People can think the tactic is a gimmick to win prizes all they want, but to deny it as an impressive piece of moviemaking is unfair and uninspired. The choice isn’t just used to heighten the adrenaline ride of the film, either. Mendes and cinematographer Roger Deakins (who will win the prize for his work, too) allow the camera to push in on little details and linger on character moments that really connect us to the emotion of the story. Not to mention, the sheer number of details that are included in the background of shots is impressive, and I don’t know that I’ve ever seen a corpse caked into a mud trench before.
Is 1917 just another in a long series of war movies with nothing new to say? One could argue that. But the Best Picture category is about more than themes and newness, it’s about highlighting the best effort in filmmaking of 2019. This film is a worthy recipient.
What Should Win: Parasite (Did Win!)
This film’s director Bong Joon-ho already put South Korean cinema on the map for worldwide audiences with monster films like The Host (2006) and activist thrillers like Okja (2017). He somehow outdid himself with Parasite, which blends all of the genres he’s thrived on for decades into one masterfully crafted feature.

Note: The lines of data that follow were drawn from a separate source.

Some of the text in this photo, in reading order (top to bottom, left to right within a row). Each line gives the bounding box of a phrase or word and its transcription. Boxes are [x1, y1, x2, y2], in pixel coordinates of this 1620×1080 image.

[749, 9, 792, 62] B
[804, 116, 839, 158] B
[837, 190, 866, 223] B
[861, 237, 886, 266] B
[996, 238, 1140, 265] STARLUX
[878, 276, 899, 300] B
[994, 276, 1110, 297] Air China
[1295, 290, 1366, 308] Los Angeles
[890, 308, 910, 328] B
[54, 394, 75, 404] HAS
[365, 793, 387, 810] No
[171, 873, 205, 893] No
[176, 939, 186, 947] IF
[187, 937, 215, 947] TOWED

Parasite has not only garnered global critical acclaim, it’s been a box office smash, playing at multiplexes all over the world. It’s the first ever South Korean film to be nominated in this category and (shockingly) in Best International Feature, which it will certainly win in. But Parasite deserves a big category win, too.

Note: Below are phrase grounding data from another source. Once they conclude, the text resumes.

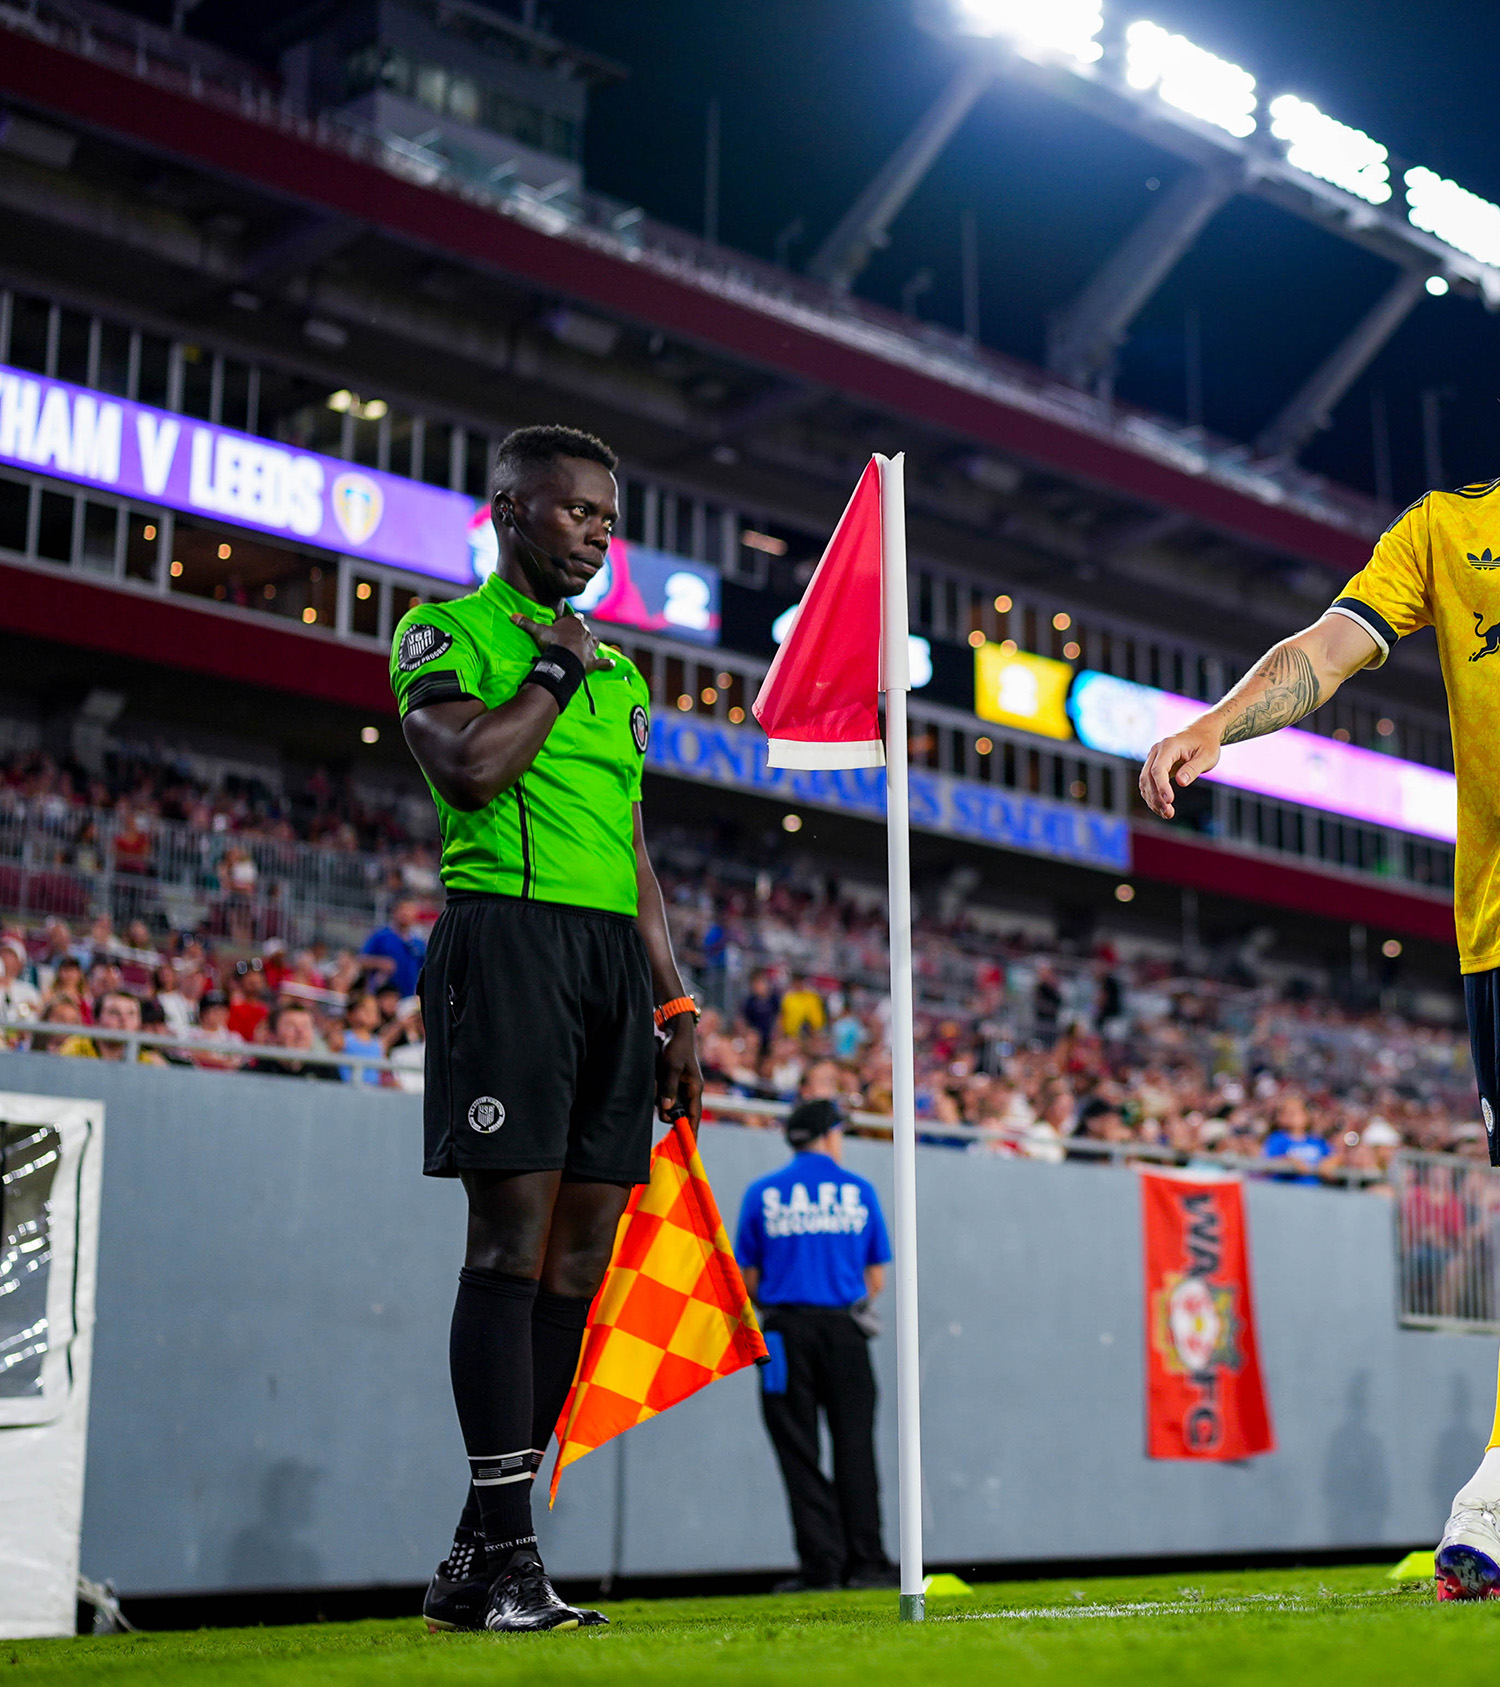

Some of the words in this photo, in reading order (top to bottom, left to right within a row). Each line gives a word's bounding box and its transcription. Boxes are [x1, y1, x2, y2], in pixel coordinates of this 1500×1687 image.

[0, 371, 123, 484] HAM
[136, 411, 181, 496] V
[189, 428, 325, 537] LEEDS
[663, 571, 711, 631] 2
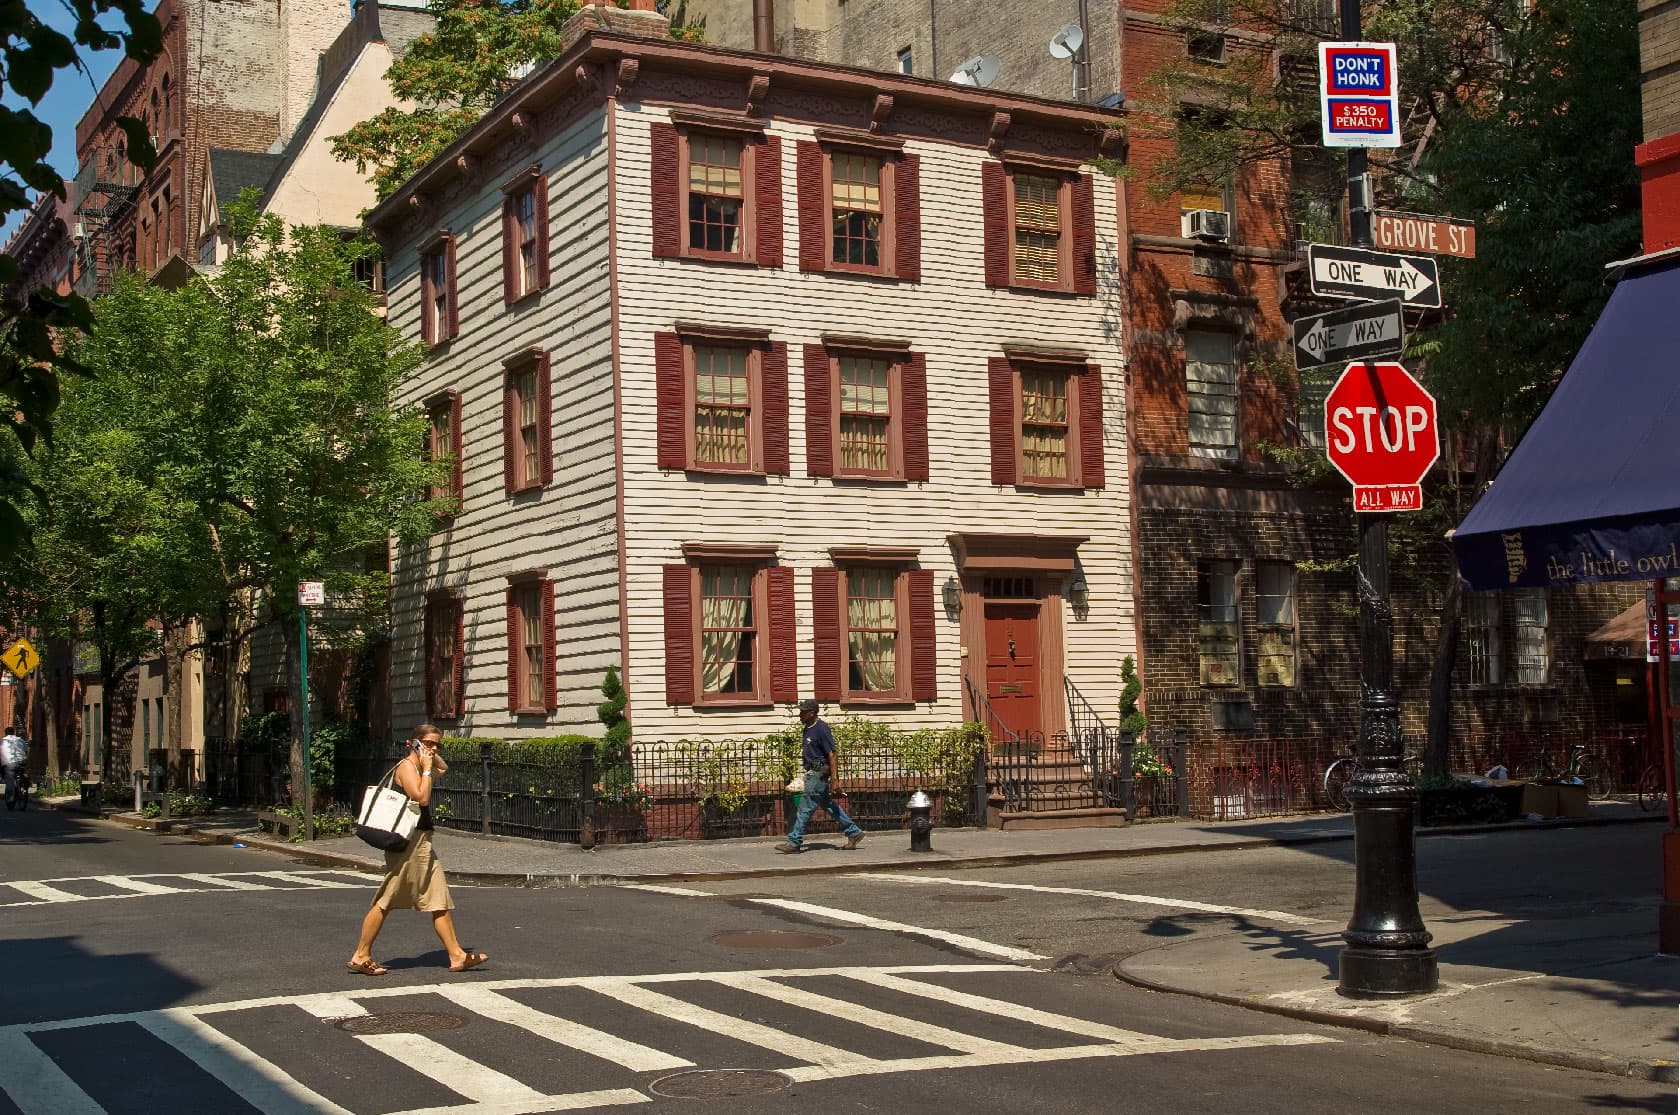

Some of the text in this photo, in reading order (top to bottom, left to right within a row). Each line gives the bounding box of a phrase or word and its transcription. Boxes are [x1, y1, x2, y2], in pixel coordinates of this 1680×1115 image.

[1335, 57, 1381, 71] DON'T
[1337, 72, 1380, 87] HONK
[1335, 116, 1385, 128] PENALTY
[1343, 105, 1377, 117] $350
[1380, 217, 1467, 254] GROVE ST
[1328, 261, 1419, 290] ONE WAY
[1307, 318, 1385, 352] ONE WAY
[1332, 405, 1429, 454] STOP
[1360, 490, 1415, 507] ALL WAY
[1547, 542, 1680, 580] the little owl

It features a talented cast that’s balanced between male and female actors of all ages. It showcases gorgeous production design and cinematography that make every moment dazzle. It’s not just well-shot and entertaining -- with comedy, heist and thriller elements that all somehow feel natural -- it’s also got some important things to say about capitalism, classism, and climate change.
For a film that’s got the full package of impressive technical skill, worthwhile storytelling, AND broader cultural significance, I like Parasite for Oscar’s top prize.
Honorable Mention: Little Women (Did Not Win Best Adapted Screenplay)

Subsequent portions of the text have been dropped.